First, let me say that the “improvements” WordPress made around the first of the year really kind of suck.  As near as I can tell, the only way to link to a video so that the video actually shows up in your post rather than as a link only allows you to do so with one video in each post.  Well, I’m sorry grand WordPress poobahs, this is a post where I want to link to more than one video.  You’ve screwed the pooch.  Sorry, my loyal readers, I wish there was a way to do this better, but it appears to not be possible (of course, if you know the solution to this problem, I’m all ears.  Edited to add:  Never mind and thank you to Theryn.).

But, on to the dead horse.  I’ve written a couple of times already about Spotify.  How it has revolutionized music and how we access it.  Let me recap … for just $10 a month I have access to just about every recorded song there is.  I never have to buy a CD again.  Never have to download a song from ITunes.  As long as I have a device that can get the Spotify App, I have access to EVERYTHING!  So far, I have the app on my laptop and my Kindle.  Perfect.

Here’s an example of what I’m talking about.   On the way to work this morning, I heard the following four songs in order on satellite radio (The Spectrum was the station).

For the record, this is the one and only Talking Heads song I’ve ever liked, but I didn’t know it existed until this morning.

Back in the day when I was a kid and we had KZAP and KROY and KSFM on the FM dial and KFRC on the AM dial, we were limited to what those radio stations played and then going out and buying a single or a full album.  Anybody else recognize the damage done by Seasons In the Sun and Spiders and Snakes???  Buying an album required a monumental leap of faith since you generally got to hear only one or two songs from it on the radio.  But, I’ve always liked the full treatment.  The album, the CD.  Not downloading or buying a single.  There are always these hidden nuggets.  The songs that grow on you through repetitious playing that overwhelm the “hit” that propelled you to buy the album in the first place.  I can’t imagine a world in which we just download single songs and don’t take a chance on the full body of work of an album or CD.

And that’s where Spotify comes in … for $10 a month I have access to everything.  Not just the hits played by the traditional radio stations — I mean seriously, at the moment, I can guarantee you that Ho Hey by the Lumineers is going to be on the radio in our house every single morning.  I love the song, I love the group, but really?  Every single morning at 7:17 you have to play that song?

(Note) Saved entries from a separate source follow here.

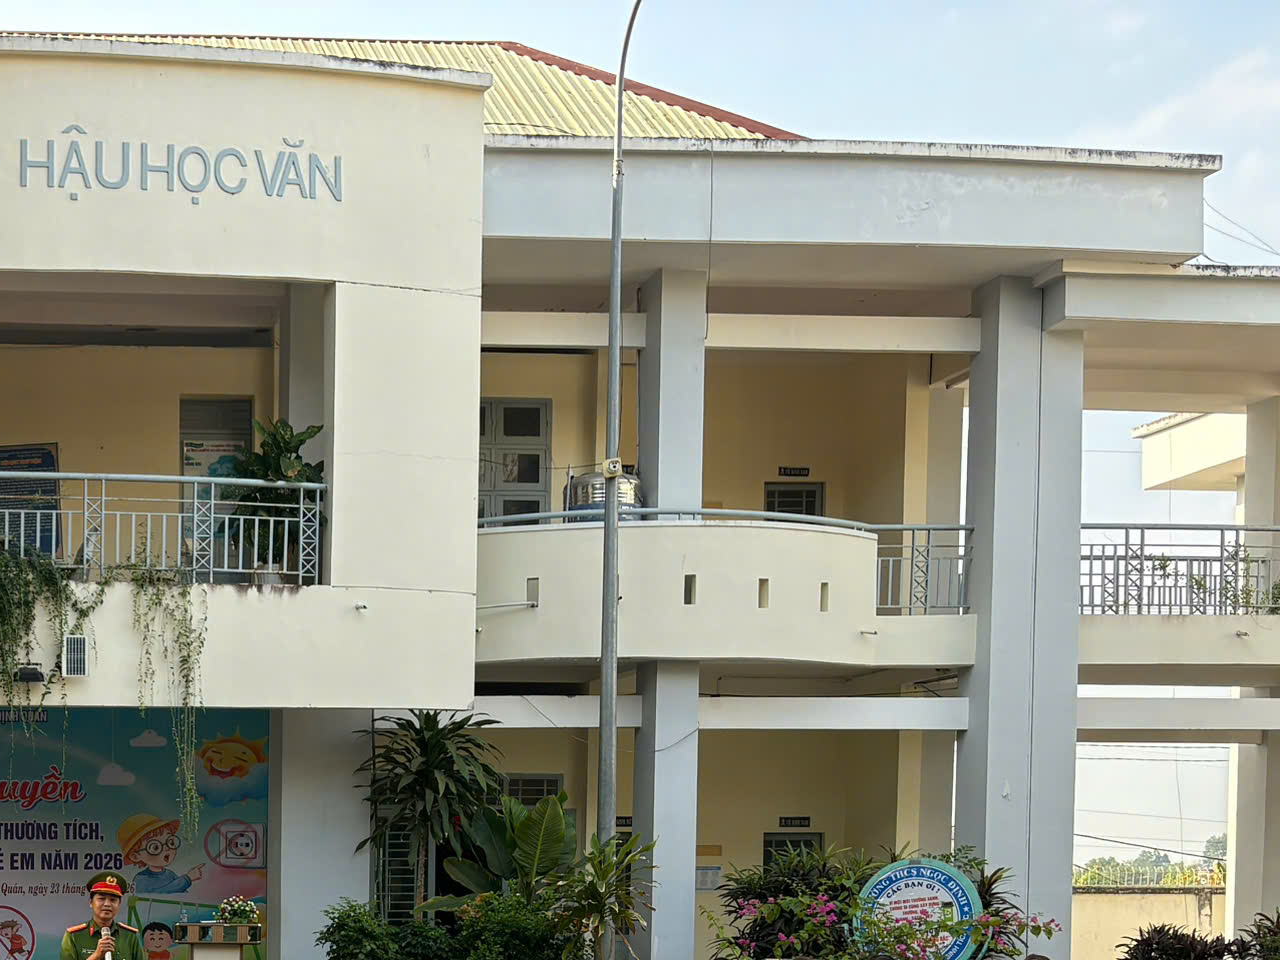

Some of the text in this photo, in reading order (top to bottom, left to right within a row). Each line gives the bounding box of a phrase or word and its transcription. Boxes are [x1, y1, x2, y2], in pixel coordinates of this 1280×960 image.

[19, 124, 131, 201] HẬU
[140, 142, 248, 205] HỌC
[254, 137, 343, 202] VĂN
[63, 819, 104, 842] TÍCH,
[9, 853, 35, 871] EM
[41, 850, 79, 871] NĂM
[83, 853, 123, 871] 2026
[890, 867, 917, 881] THCS
[920, 868, 949, 884] NGỌC
[1, 882, 25, 896] Quán,
[28, 883, 48, 897] ngày
[62, 882, 87, 897] tháng
[886, 885, 903, 899] CÁC
[904, 880, 923, 890] BẠN
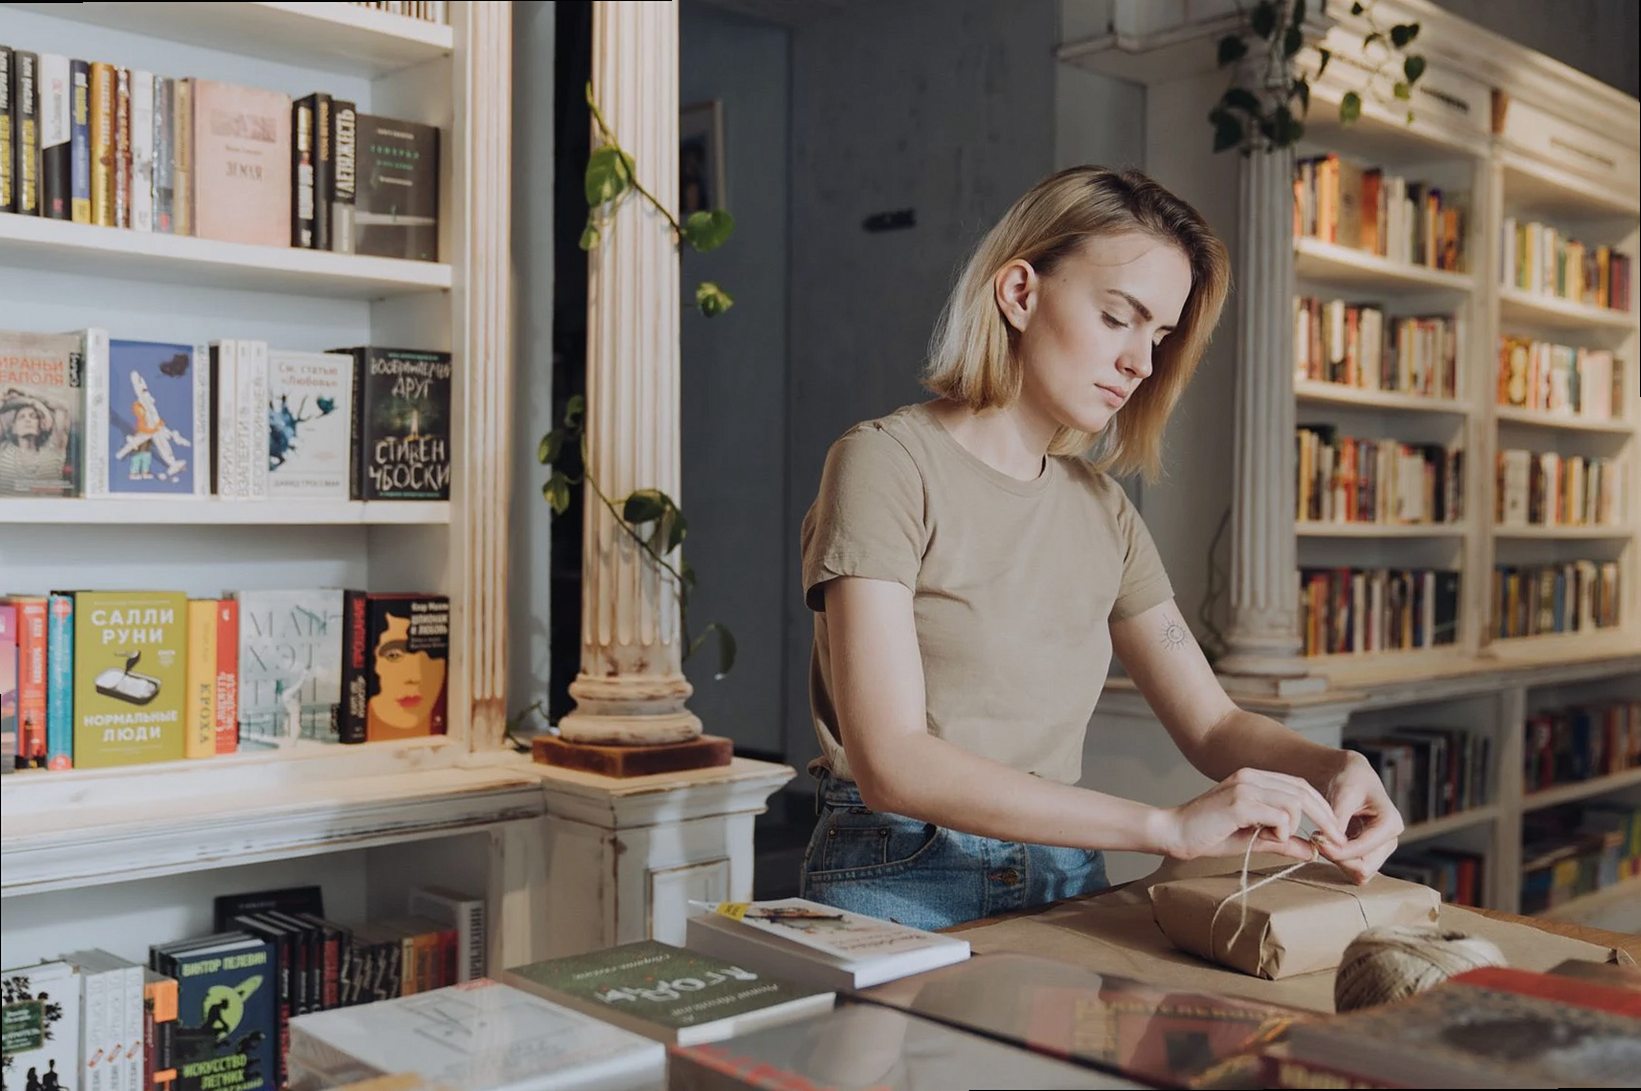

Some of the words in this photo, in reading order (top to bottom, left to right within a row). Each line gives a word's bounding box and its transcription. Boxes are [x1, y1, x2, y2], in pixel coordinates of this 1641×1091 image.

No, I have access to the entire catalogue.  I knew after I heard those four songs this morning on my way to work that I would be able to come home tonight and plug in ZZ Ward, Talking Heads, Black Keys, and Nick Waterhouse into Spotify and find music I never imagined possible.  And I don’t have to buy a CD to access that music.  (Don’t worry.  Spotify is entirely legal and supports musicians by paying royalties every time one of their songs is played by somebody using Spotify.)

Until Spotify there is absolutely no way I would have taken a chance on such acts as The Tallest Man on Earth (if you haven’t heard him yet, you really must …

Alabama Shakes …

Ryan Bingham …

and … the list could go on and on and on.  These musicians I’ve described here are what is music to me these days.  Singers.  Songwriters.  Making real and authentic music with soul and feeling.

In the olden days, I would have never heard of them.  These are not the artists you hear on commercial radio.  Now, I no longer have to worry about whether I’m going to spend $10 or $15 on a CD and be disappointed.  Instead, I can explore everything they have and enjoy all of these artists.  It’s pretty damn incredible and is at least one technological advance I’m thrilled about.